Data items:
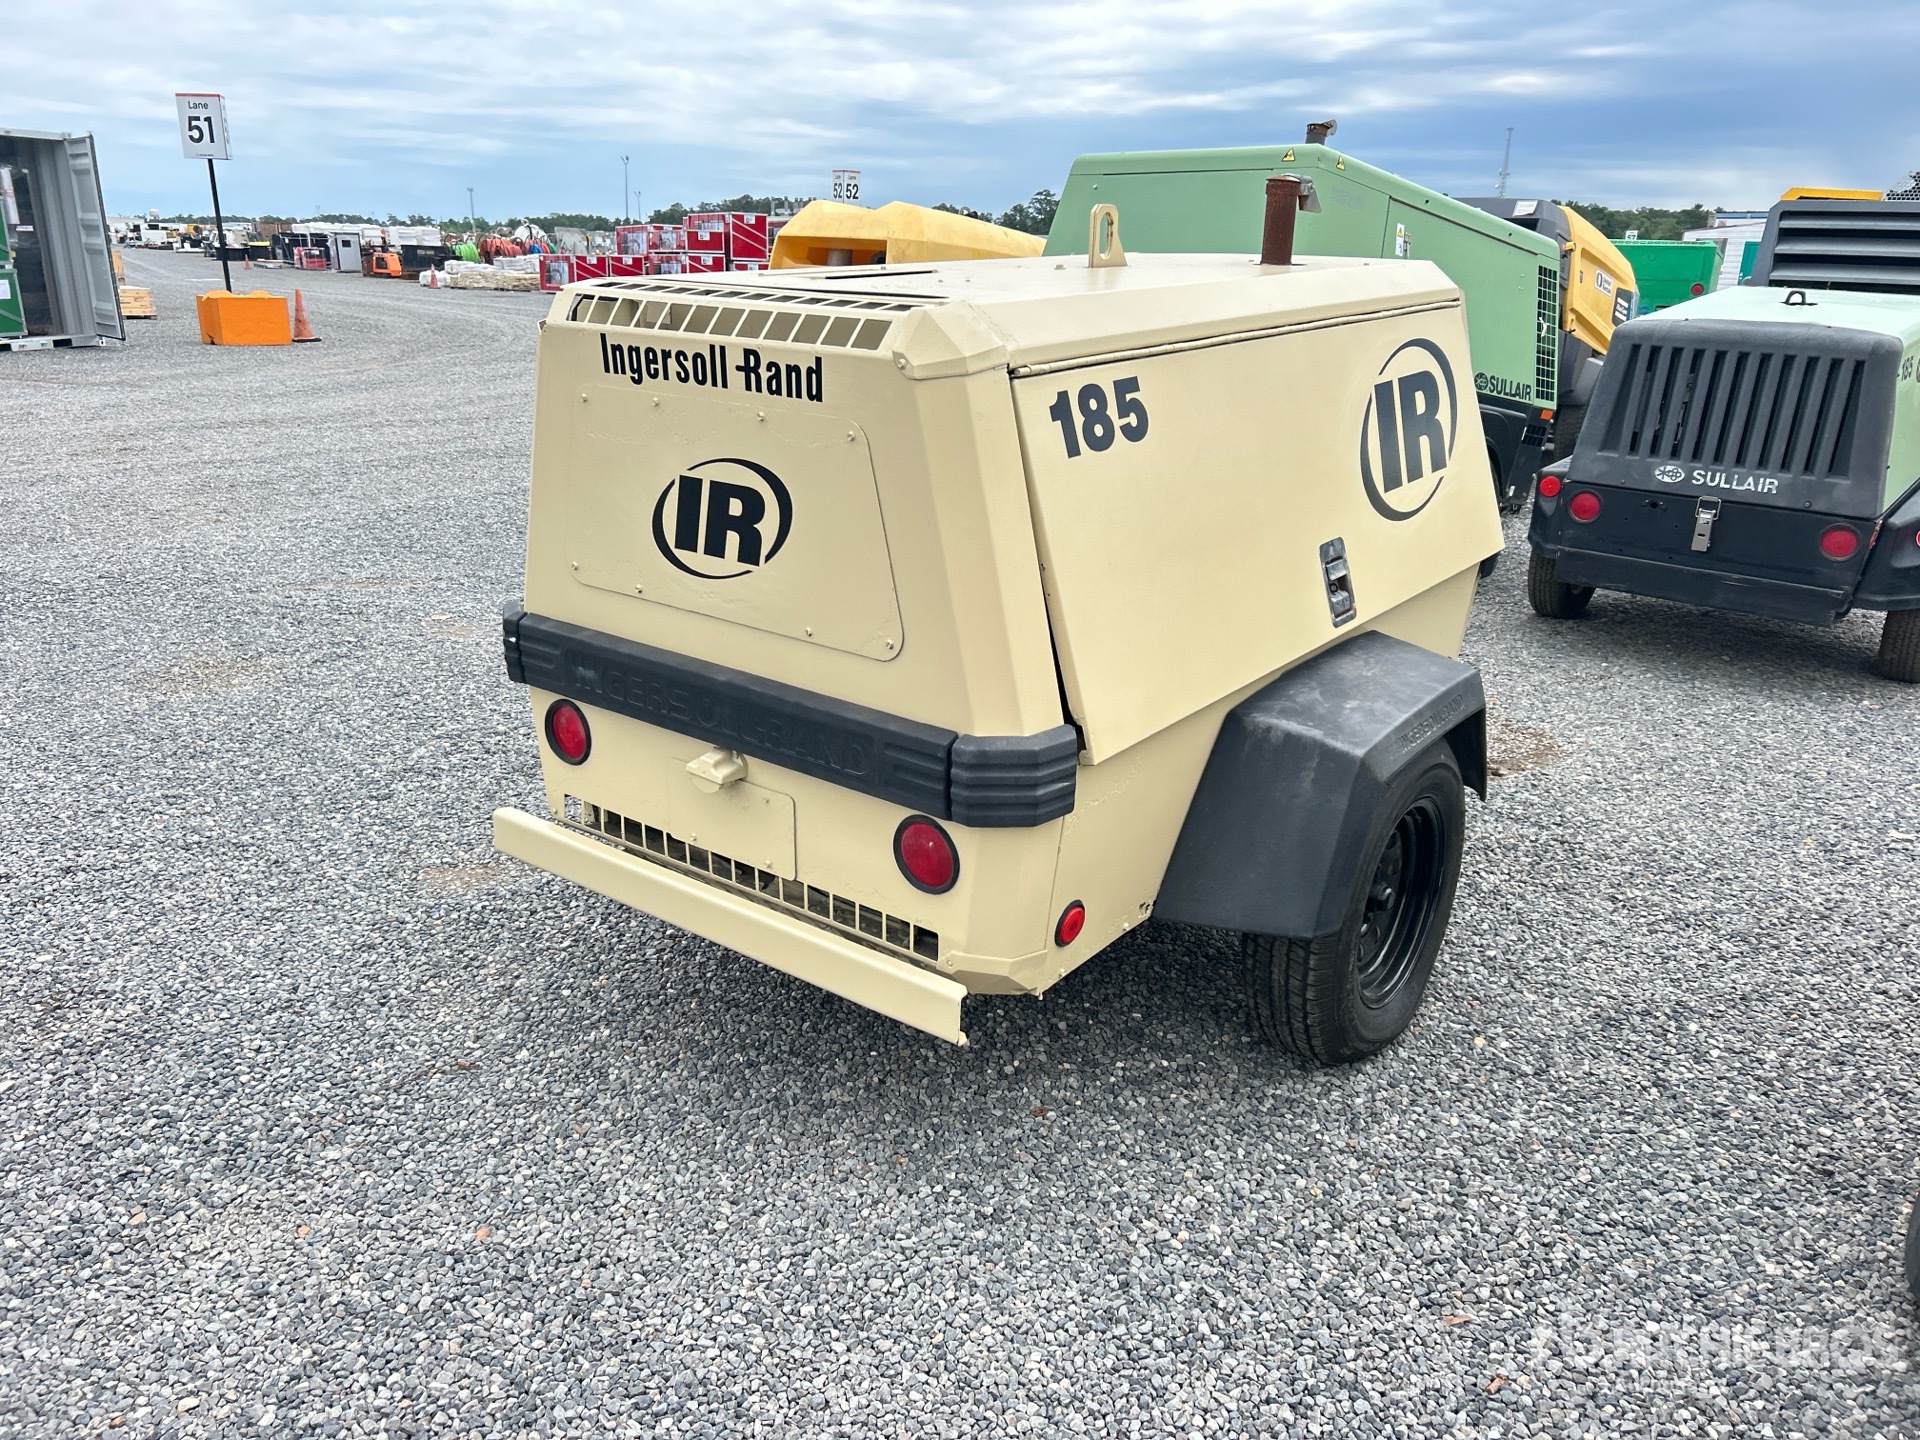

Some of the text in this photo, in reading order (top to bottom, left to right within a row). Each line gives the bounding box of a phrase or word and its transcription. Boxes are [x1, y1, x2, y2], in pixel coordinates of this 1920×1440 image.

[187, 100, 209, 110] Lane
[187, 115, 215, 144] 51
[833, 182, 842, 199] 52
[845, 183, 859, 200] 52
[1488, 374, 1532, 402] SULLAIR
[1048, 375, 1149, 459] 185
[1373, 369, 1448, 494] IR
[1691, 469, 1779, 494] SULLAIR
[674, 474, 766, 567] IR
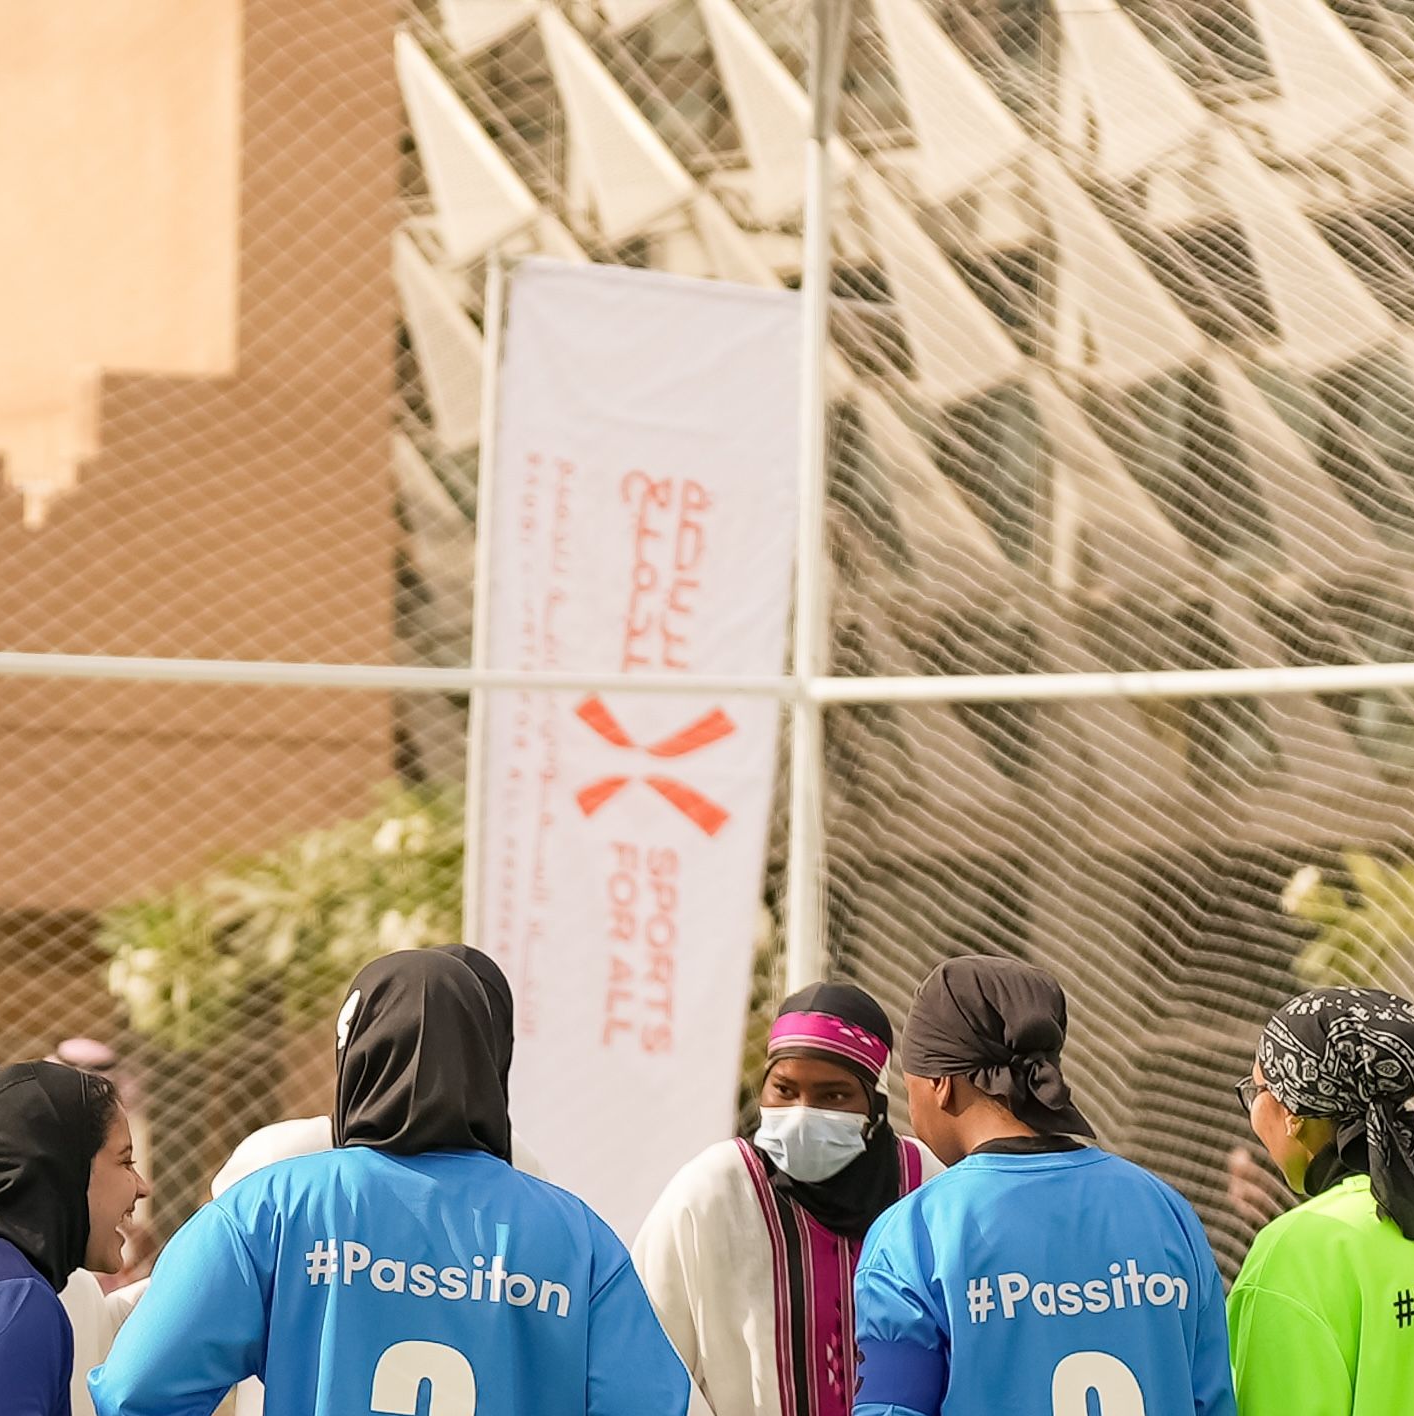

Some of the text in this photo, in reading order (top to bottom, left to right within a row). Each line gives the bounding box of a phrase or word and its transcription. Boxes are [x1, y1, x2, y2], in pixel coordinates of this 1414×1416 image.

Prompt: The records above should be reproduced exactly, with the pictures omitted.

Output for this exercise:
Some of the text in this photo, in reading order (top to bottom, left to right within a row). Each line gives the bounding box of a phrase or word and its transcription. Boxes are [x1, y1, x2, y2], in pixel coordinates of this 1920×1440 image.

[187, 100, 209, 110] Lane
[187, 115, 215, 144] 51
[833, 182, 842, 199] 52
[845, 183, 859, 200] 52
[1488, 374, 1532, 402] SULLAIR
[1048, 375, 1149, 459] 185
[1373, 369, 1448, 494] IR
[1691, 469, 1779, 494] SULLAIR
[674, 474, 766, 567] IR

Some of the text in this photo, in reading order (top to bottom, left to right within a row). Each line gives the bounding box of a phrase or word and its transcription. Boxes are [x1, y1, x2, y2], in pixel coordinates of this 1414×1416 image.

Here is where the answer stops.